_What is required_
Exact repetition, please: start with the line where "this 2500×841 image." appears and stop after the final line of the records.

_Given records_

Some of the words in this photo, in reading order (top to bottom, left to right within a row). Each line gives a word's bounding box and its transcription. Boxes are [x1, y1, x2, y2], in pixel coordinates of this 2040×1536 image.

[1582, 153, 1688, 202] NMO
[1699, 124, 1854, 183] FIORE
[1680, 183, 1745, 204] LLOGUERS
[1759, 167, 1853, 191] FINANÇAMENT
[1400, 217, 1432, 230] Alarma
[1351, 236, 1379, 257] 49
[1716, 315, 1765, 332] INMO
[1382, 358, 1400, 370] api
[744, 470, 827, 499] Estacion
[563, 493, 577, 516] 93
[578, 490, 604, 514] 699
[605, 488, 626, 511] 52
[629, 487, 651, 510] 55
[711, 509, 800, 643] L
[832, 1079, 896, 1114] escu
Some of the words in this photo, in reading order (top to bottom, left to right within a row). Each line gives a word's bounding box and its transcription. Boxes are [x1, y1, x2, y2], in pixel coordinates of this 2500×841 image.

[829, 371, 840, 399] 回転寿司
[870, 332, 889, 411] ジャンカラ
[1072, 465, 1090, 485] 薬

_Your response_
Some of the words in this photo, in reading order (top to bottom, left to right within a row). Each line gives a word's bounding box and its transcription. Boxes are [x1, y1, x2, y2], in pixel coordinates of this 2500×841 image.

[829, 371, 840, 399] 回転寿司
[870, 332, 889, 411] ジャンカラ
[1072, 465, 1090, 485] 薬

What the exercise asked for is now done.